Haura Hussaini is a control systems engineer passionate about the future of the Australian energy sector, as well as encouraging more females to follow STEM pathways.
Tell us about your role working as a graduate control systems engineer?
As control systems engineer I enjoy the highly technical nature of the role, managing complex system interactions and requirements that ensure the overall system functions safely and effectually. Control engineering is quite a unique discipline where the roles and responsibilities can vary considerably.
In my current role I have been working on a major control system upgrade project. An exciting project for the design phase through testing, installation to site commissioning and currently closeout. Working for a system integrator company I have the opportunity to work across multiple industries and project with varying scales of intricacy.
You continued your studies with a Masters of Professional Engineering. What were the benefits of doing this course and how did you combine that with work?
I was exposed to various aspects of electrical systems during my work as a control systems engineer. Technically, control engineering falls under the broader umbrella of electrical engineering. I was curious about the practical application of electrical control systems. I choose to study a Masters degree to extend my knowledge and understanding in both engineering disciplines. Depending on the industry and organisation I&C, EIC, E&C, electrical, control and instrument titles can be interchangeable and having all three is certainly a great advantage with potential to accelerate career prospects and opportunities
Most postgraduate degrees require a great deal of autonomy so the ability to self-motivate and time management are crucial skills. I had the curiosity and as a motivator just had to make the time. Workplace flexibility and online studying was a key success enabler!
You're involved in the WA Oil and Gas group. What are your thoughts on the future of oil and gas in Western Australia and nationally?
The WA Oil and Gas group is actually called the Hydrocarbon Transition Energy Group. Anyone currently in the energy industry would agree that it's the beginning of an exciting new era in the energy industry. While we're seeing global rapid changes towards transitioning energy production to lower emission alternatives, there is also a massive opportunity to redefine our thinking to innovate new ways of dealing with the uncertainties that challenge the future of the Australian energy sector in the competitive global landscape. For Western Australia, enabling the transition to lower-emission energy comes with the challenge of maintaining economic stability.
Why are you passionate about encouraging students to undertake STEM subjects, and motivating more females to enter the field of engineering?
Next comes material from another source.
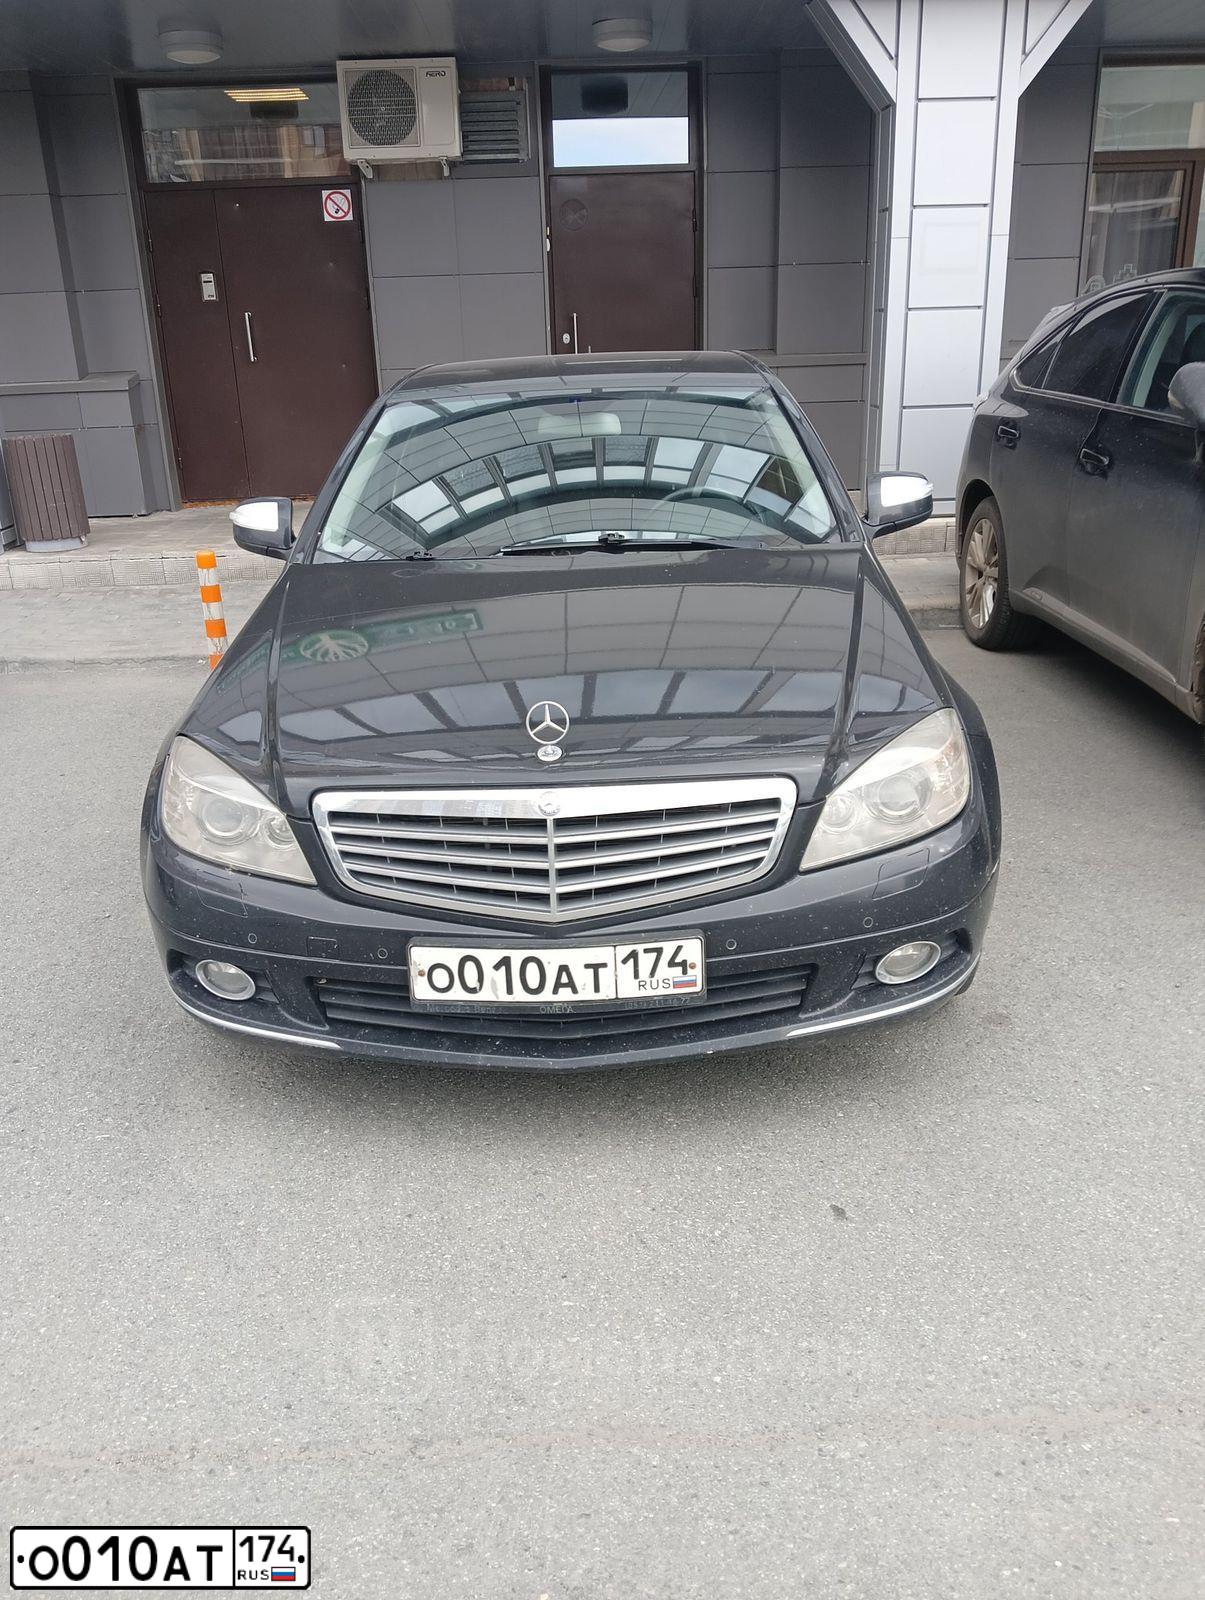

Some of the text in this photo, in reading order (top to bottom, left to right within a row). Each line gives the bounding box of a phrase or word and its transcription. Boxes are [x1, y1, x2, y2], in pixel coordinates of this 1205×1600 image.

My first full time engineering role was a FIFO role, I was the only female engineer in the team. This drove me to look into the gender disparity challenges in the industry. One particular challenge is the lack of exposure and awareness of STEM career pathways at schools; that's when I started to be actively involved in initiatives that tackle the gender diversity gap by educating young women about the importance of STEM. I partake in high school outreach programs and young professional organisations with the aim to inspire the next generation of engineers. I aspire to set myself as a strong example and role model for the next generation of young women in the industry. I like to think of myself as an influencer! An influence of change that is, I aim to broaden my circle of influence by continuously engaging with such initiatives and programs.
What advice would you have for those in a similar position as you, working as a graduate engineer? Have you ever received any great advice yourself during your career and studies that helped you?
Now that I have transitioned out of my graduate role, reflecting back at the past few years I have established a strong foundation both technically and professionally as an engineer. The first few years are crucial to forming foundational skill sets and building competence and credibility. I would encourage everyone to take personal responsibility of their learning, to be proactive and make the most of every opportunity.